Kasus pertama bermula dari laporan warga yang mencurigai adanya aktivitas jual‑beli narkotika di sebuah rumah tinggal. Tim Sat Resnarkoba Polres Metro Jakarta Timur melakukan penggerebekan dan menemukan lebih dari 9.000 butir obat keras berbagai merek, termasuk sabu, ekstasi, dan metamfetamin. Selain narkotika, petugas juga menyita sejumlah uang tunai yang diduga merupakan hasil penjualan. Wanita yang ditangkap, yang tidak menyebutkan nama lengkapnya, mengaku menjual obat keras secara daring melalui aplikasi pesan singkat dan menjemput pembeli di lokasi yang berbeda.
Kapolres Metro Jakarta Timur Kombes I Putu Yuni Setiawan menegaskan bahwa barang bukti yang berhasil diamankan menunjukkan skala operasi yang jauh lebih besar daripada dugaan awal. “Kami menemukan ratusan paket kecil yang tersembunyi di dalam lemari, dinding, bahkan di dalam kotak sepatu. Semua barang tersebut telah disita dan akan diproses sesuai prosedur hukum,” ujar Putu dalam keterangan resmi. Wanita tersebut kini dijadikan tersangka dan dijaga di Rutan Polres Metro Jakarta Timur dengan ancaman hukuman maksimal 12 tahun penjara.

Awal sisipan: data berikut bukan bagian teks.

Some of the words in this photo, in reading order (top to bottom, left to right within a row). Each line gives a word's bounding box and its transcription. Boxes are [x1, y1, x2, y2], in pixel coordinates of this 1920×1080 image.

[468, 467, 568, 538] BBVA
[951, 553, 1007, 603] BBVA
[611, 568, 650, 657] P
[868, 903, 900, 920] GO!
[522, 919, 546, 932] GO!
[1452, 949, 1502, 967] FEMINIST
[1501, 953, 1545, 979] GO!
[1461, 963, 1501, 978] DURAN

Kasus kedua menyoroti modus operandi yang semakin cerdik, yaitu menyamarkan peredaran narkotika di balik toko kelontong yang menjual kebutuhan sehari‑hari. Tiga pelaku ditangkap secara simultan setelah mendapat informasi dari masyarakat setempat. AKBP Prasetyo Nugroho, Kasat Resnarkoba Polres Metro Jakarta Selatan, menyampaikan bahwa mayoritas pembeli merupakan buruh bangunan yang mengandalkan toko kelontong tersebut sebagai tempat belanja rutin. “Mereka tidak menyadari bahwa di antara barang sembako, ada kantong berisi pil psikotropika yang dijual dengan harga murah,” kata Prasetyo.

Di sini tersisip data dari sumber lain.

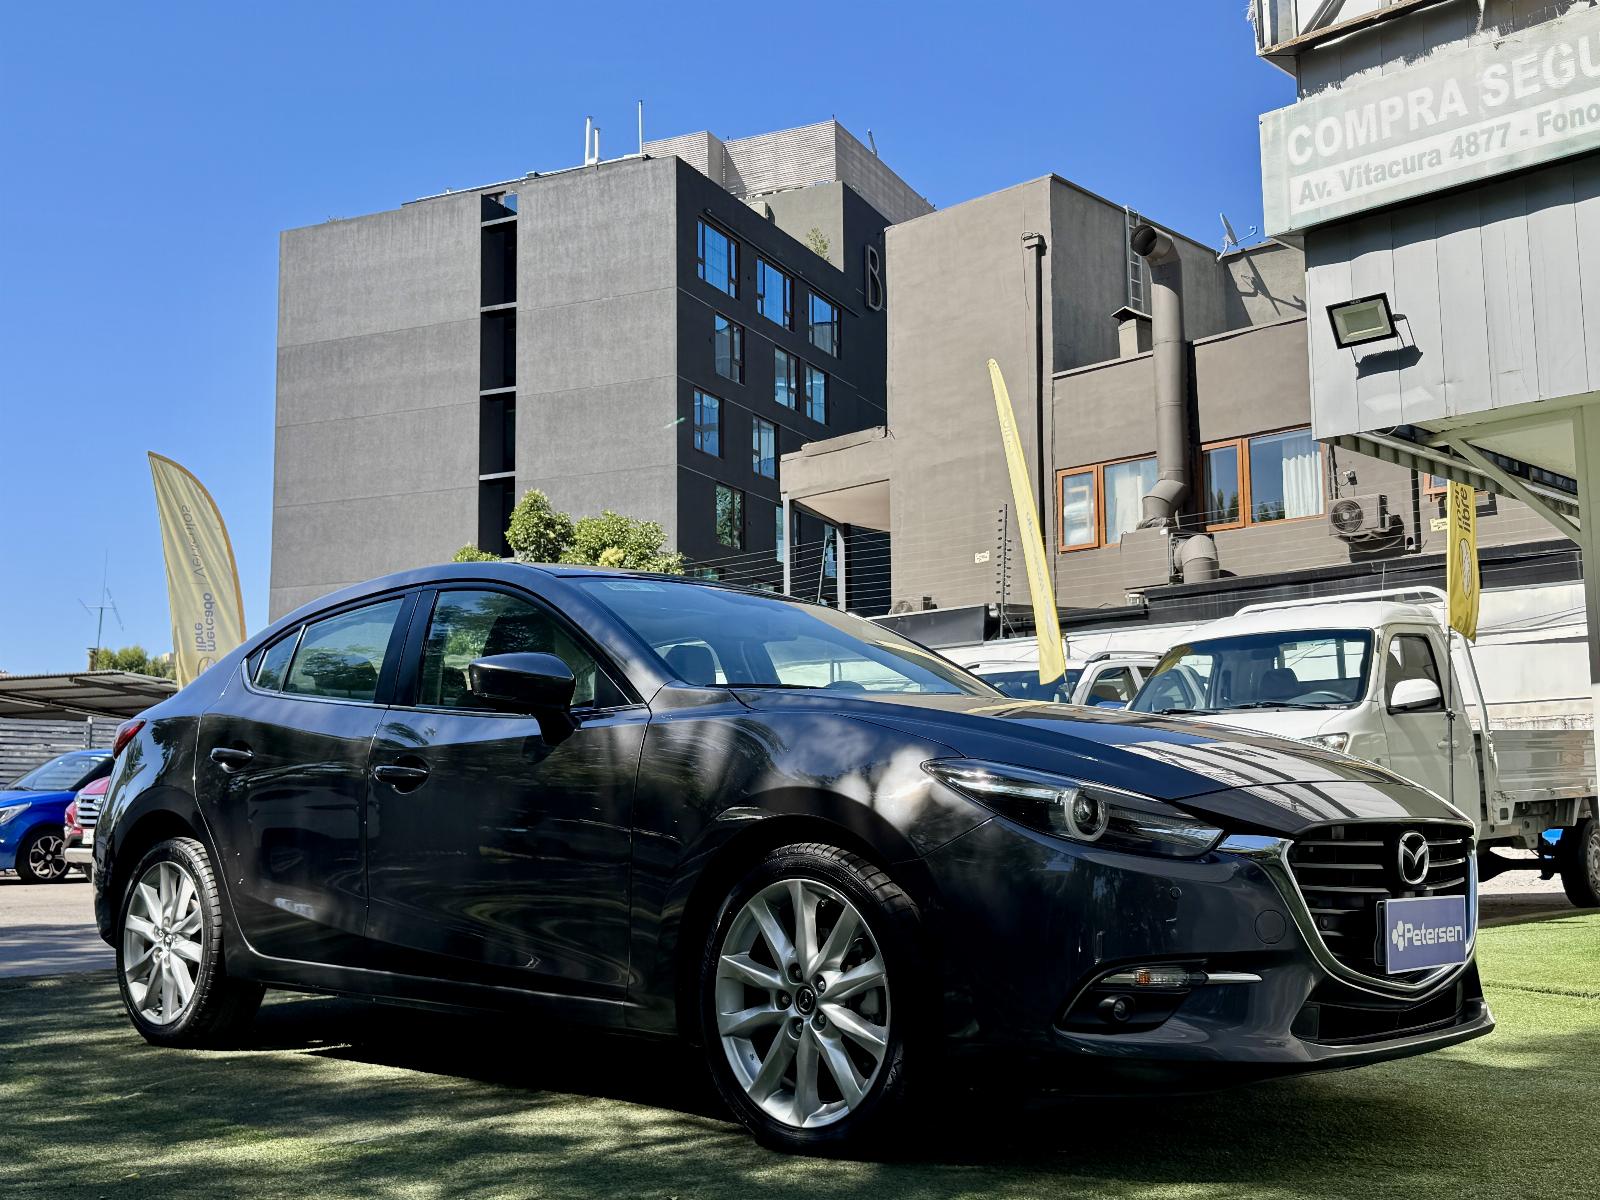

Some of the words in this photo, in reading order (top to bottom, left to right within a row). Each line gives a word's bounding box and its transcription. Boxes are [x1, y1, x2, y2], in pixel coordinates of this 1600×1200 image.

[1287, 78, 1468, 166] COMPRA
[1298, 179, 1332, 205] Av.
[1338, 148, 1441, 192] Vitacura
[1449, 121, 1512, 160] 4877
[1536, 103, 1600, 138] Fono
[864, 244, 883, 311] B
[1460, 487, 1471, 533] libre
[1404, 921, 1463, 947] Petersen

Dari penggerebekan di Jakarta Selatan, polisi menyita 8.286 butir obat keras dan sejumlah uang tunai. Barang bukti tersebut termasuk paket-paket berlabel palsu, botol cairan berwarna, serta peralatan pengemas yang dipakai untuk menyembunyikan narkotika di antara barang dagangan lain. Ketiga tersangka kini berada di Rutan Polres Metro Jakarta Selatan dan juga menghadapi ancaman hukuman maksimal 12 tahun penjara.
Polisi menekankan pentingnya partisipasi aktif masyarakat dalam mengungkap jaringan narkotika. Kedua kasus ini menjadi bukti bahwa peredaran narkotika tidak hanya terjadi di tempat-tempat terpencil, melainkan juga menyusup ke lingkungan permukiman dan toko kelontong yang tampak biasa. Kombes I Putu Yuni Setiawan mengimbau warga untuk melaporkan segala indikasi peredaran narkotika melalui layanan 110 atau aplikasi pengaduan resmi.
Para ahli menilai bahwa peningkatan kasus narkotika di wilayah perkotaan dipicu oleh mudahnya akses teknologi digital yang memungkinkan penjual menyembunyikan jejak transaksi. Selain itu, tingginya permintaan dari kalangan pekerja keras yang mencari pelarian sementara juga menjadi faktor pendorong. Upaya pencegahan harus mencakup edukasi, rehabilitasi, serta penegakan hukum yang konsisten.
Dengan dua operasi penggerebekan yang berhasil, Polri menunjukkan komitmen kuat dalam memerangi peredaran narkotika di ibukota. Penangkapan wanita 37 tahun di Jakarta Timur dan tiga pelaku di Jakarta Selatan menandai langkah signifikan dalam memutus rantai distribusi narkotika yang semakin canggih. Namun, pihak berwenang menegaskan bahwa perjuangan belum selesai; jaringan narkotika terus beradaptasi, sehingga diperlukan kerja sama lintas sektor antara aparat, pemerintah, dan masyarakat untuk menurunkan angka penyalahgunaan narkotika di Indonesia.